From November 2008 to March 2013, there were 14 known medical emergencies at a single abortion clinic, Southwest Women’s Options. This month, April 2013, Planned Parenthood in Delaware suspended abortions at two of its 3 clinics that perform abortions, following five known emergency calls since January 4. 



According to Iowa Right to Life, complications of abortion pills include nausea, vomiting, pain, severe hemorrhaging and death (for RU-486), and nausea, diarrhea, pain, bone marrow depression, severe anemia, liver damage and lung disease (for methotrexate). Surgical abortion complications include infections, uterine cervical lacerations, perforations, severe hemorrhaging, blood clots, very high fevers, breathing problems, abnormally high heart rate, seizures, cardiac arrest, rupturing of the uterus, comas, and death. Pregnancy complications may include difficulty getting pregnant, miscarriages, fetal deformities and ectopic pregnancies.

http://iowartl.org/get-the-facts/abortion/abortion-methods/

National Right to Life has more information about the various abortion methods and complications they cause, as well as information on making an informed decision before getting an abortion and some abortion alternatives.


 “Approximately 10% of women undergoing elective abortion will suffer immediate complications, of which approximately one-fifth (2%) are considered life threatening. The nine most common major complications which can occur at the time of an abortion are: infection, excessive bleeding, embolism, ripping or perforation of the uterus, anesthesia complications, convulsions, hemorrhage, cervical injury, and endotoxic shock.
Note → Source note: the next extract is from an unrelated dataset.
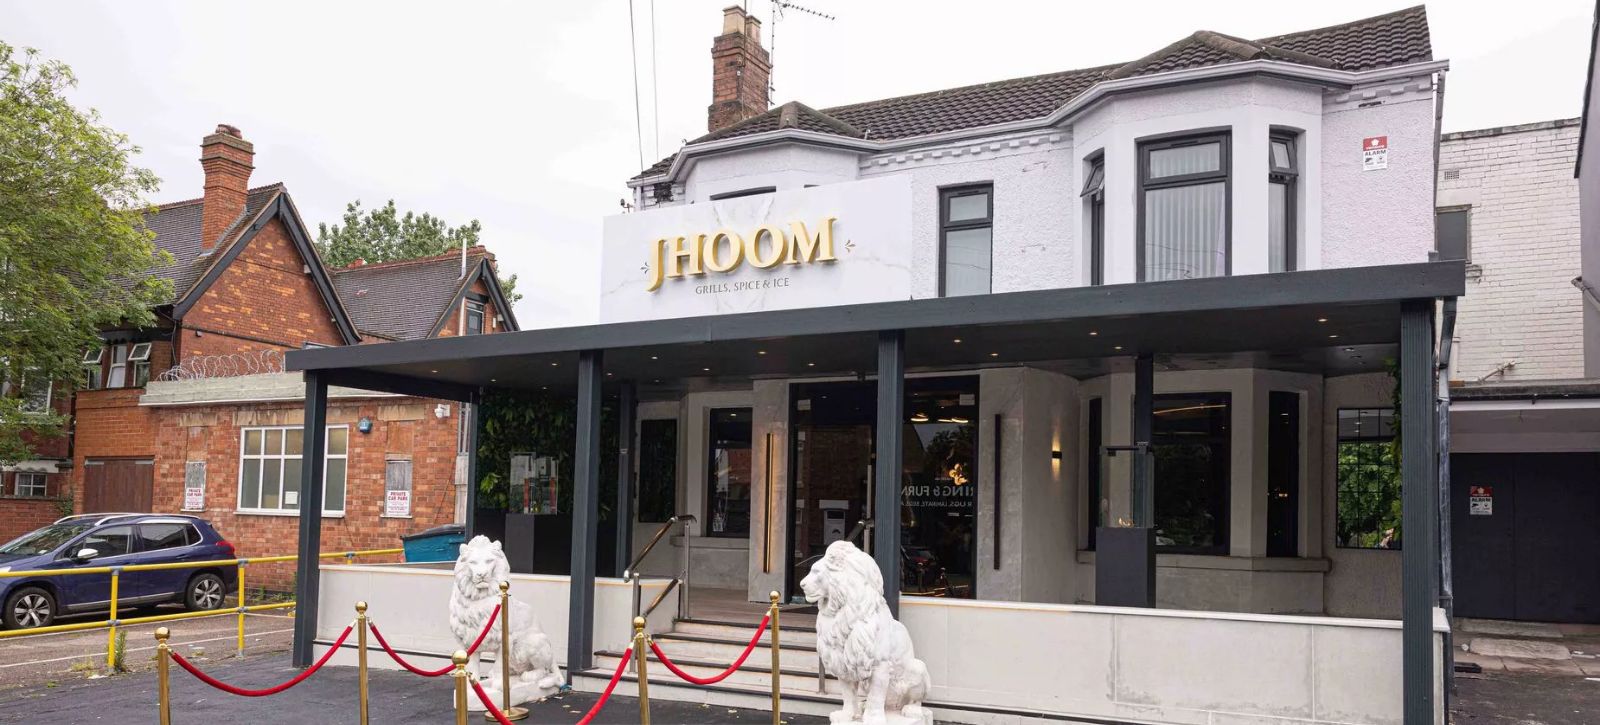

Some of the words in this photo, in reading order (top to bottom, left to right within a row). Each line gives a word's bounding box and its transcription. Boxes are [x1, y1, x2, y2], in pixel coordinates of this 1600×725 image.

The most common “minor” complications include: infection, bleeding, fever, second degree burns, chronic abdominal pain, vomiting, gastro-intestinal disturbances, and Rh sensitization.” (From the Elliot Institute, which specializes in after abortion issues and healing.)

Women who suffer physical complications during or after abortion procedures are not just statistics, of course. These physical problems could happen to any woman who chooses to go through with an abortion.

Donna from North Carolina developed severe endometriosis (development of uterine-lining tissue outside the uterus) and was forced to have a hysterectomy by the age of 27. 

Shari Richards of Bloomfield, MI, following her abortion, “suffered from severe abdominal pain, high fever, and hemorrhaging” and it took weeks to recover “from the severe infection and physical complications”. 

One week after her abortion, Kathy from Ohio, in her own words, “…was in the hospital for surgery to correct the complications from my "safe and legal" earlier abortion. No one ever told me about that risk. Nine years later I ended up with a tubal pregnancy that was rupturing, which obviously not only ended that baby’s life, but also resulted in the removal of my fallopian tube and my ovary. No one ever told me about that risk either.”

These are just bits of a few of the stories of women who suffered physical complications from abortions. You can read more about these and other post abortive women through the testimony directory of Silent No More Awareness:

http://www.silentnomoreawareness.org/testimonies/index.aspx

According to the Elliot Institute, abortions bring increased risk for contributing health risk factors such as substance abuse, as well lower general health demonstrated by post abortion increases in doctor visits. Uterine perforations and cervical lacerations during abortions may cause further problems later, and pelvic inflammatory disease and placenta previa are post-abortion dangers that can also be fatal. In addition, there is an increased risk of cancers such as cervical, ovarian and liver cancers.


According to one leading researcher, abortion has caused over 300,000 breast cancer deaths since 1973, when abortion on demand became legal, in the USA.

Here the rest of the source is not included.